Ran (Book 1): Apocalyptica
Page 6
I steeled myself against a rising flood of anger and bitter sadness. Jem just looked pissed off.
“I’m sorry,” I said.
He glanced at me sharply. “For what?”
I nodded at the vista of broken lives in front of us. “I made you take me home. If I hadn’t, you might have been out here to help some of these people.”
Jem chewed on that for a second, then shook his head. “You didn’t make me do anything, Ran. I chose to help the person I actually could help. Look at that out there. Part of my job is—was—knowing how to see the limits to what I could do. Yesterday I agreed with you. Today the world is a much different place.”
We drove methodically, slowly. Jem mapped out a number of routes using an actual map from my glove box. The problem we faced was the spread of locations where his friends lived. Of the five or six people we were going after, only two had homes on the outer edges of Wallace. The others lived in various apartments between here and there, one of which sat on the top floor of a building in Agatha Square itself.
The Jeep had a bench seat in the back capable of holding three people. I’d given Jem a host of reasons why taking one vehicle was a safer bet, and pointed out that several people could squeeze into the cargo space behind the bench. Both of us knew the likelihood of finding everyone on his list alive was vanishingly small.
Even if the trip netted us zero survivors, it would be worth it if we could snag enough supplies. I had food at my house, but things were going to get worse soon. Sure, the power was still on, but there were signs things in the wider world had taken bad turns. Fewer channels were airing anything at all, none of them regular programming. Blackouts were rampant, and I think Wallace and the counties nearby got off easy because of the nuclear plant we used for power. That wouldn’t last.
Farms were surely producing food, but the complex system of arteries feeding the rest of the country their product was effectively gone. The roads existed, but chaos and death made the organized transport of goods almost impossible.
So while we were absolutely going to help people if we could, it wouldn’t be at the expense of leaving behind stuff we’d need to survive.
It took fifteen minutes to find a road into town not saturated with too many bodies and cars to drive through.

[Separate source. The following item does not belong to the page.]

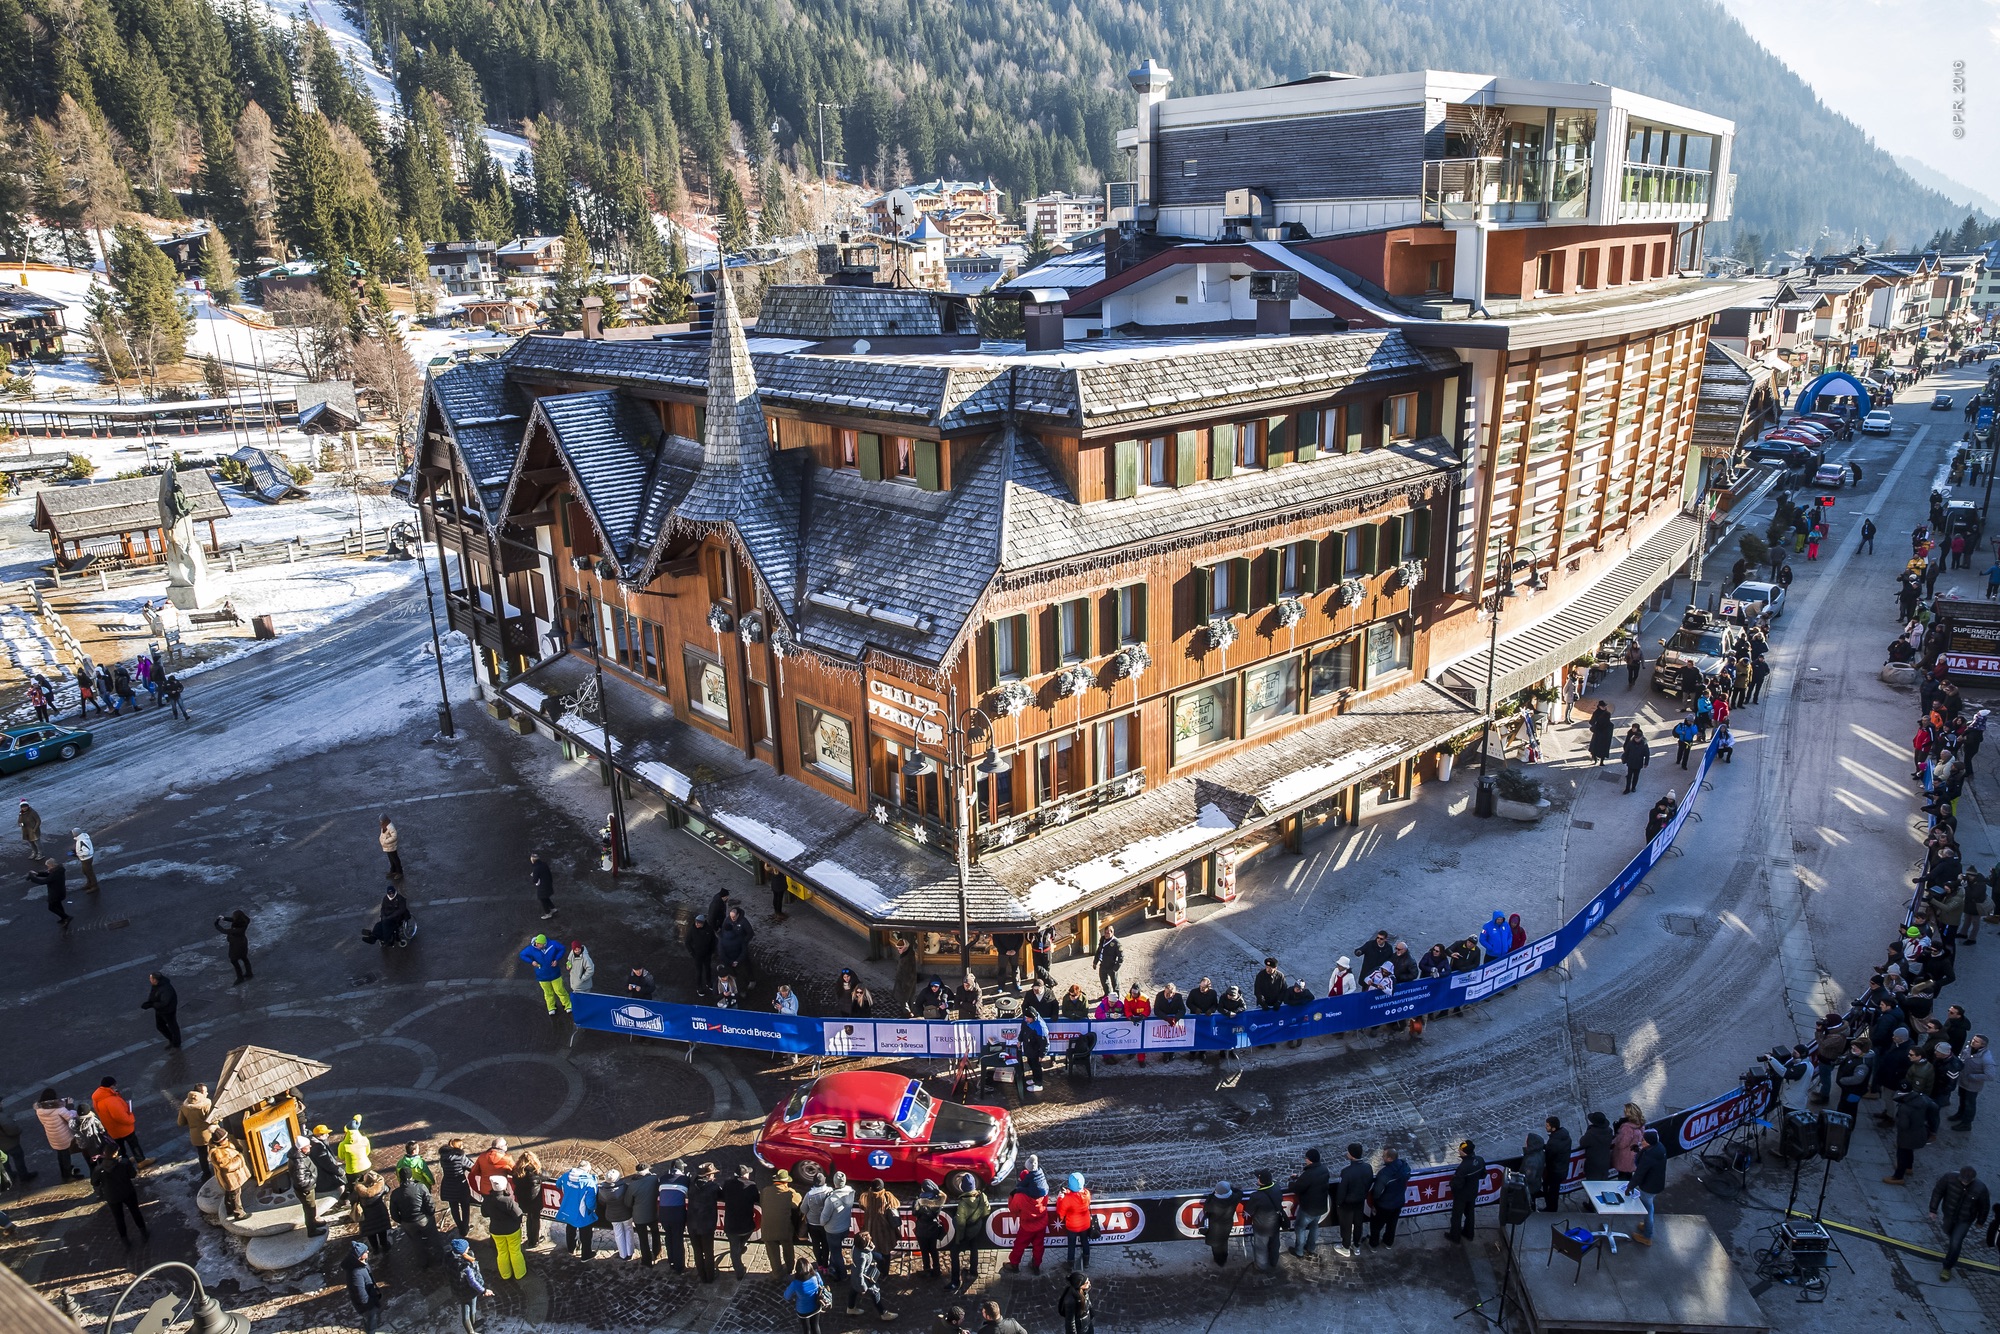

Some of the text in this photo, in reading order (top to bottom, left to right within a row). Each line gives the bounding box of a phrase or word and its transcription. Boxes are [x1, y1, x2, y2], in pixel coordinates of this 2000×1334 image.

In a stroke of luck it happened to intersect a road near our first stop, only a handful of blocks south.
“I’ll tell you when to turn,” Jem said as we made our way through the neighborhood.
I nodded. “Who is it we’re going after?”
“Carla Wilson,” Jem said. “She lives in a big double lot on Van Santen street.”
The name tickled something in my head. When making the list he’d only mentioned first names. “Why does that sound familiar?”
“She’s the county attorney,” Jem said. “Also an avid Diablo 3 player, if that helps.”
A light went on in my head. Like many small-town officials, she also had a day job. I’d seen ads for her law office before. She must have gotten her fix for serious legal work from handling government cases, because she mostly advertised for divorces and low-cost business stuff like incorporating. I had actually considered using her when I made my business into a corporation.
I was more stoked by the idea that she was a gamer.
There were a few more twists and turns than I’d have liked in getting to Carla’s house, but in the end we managed. It was a two-story affair painted in a pale blue. It had a big picture window in the front, but luckily the first floor was raised up four feet off the ground, making breaking in through windows problematic at best.
The foundation had windows, barred with stout iron mesh, and I caught a flicker of movement inside when we stepped out of the Jeep. I pushed my door closed gently. Jem, on the other hand, pushed his shut like a normal person who didn’t live under threat of being eaten alive.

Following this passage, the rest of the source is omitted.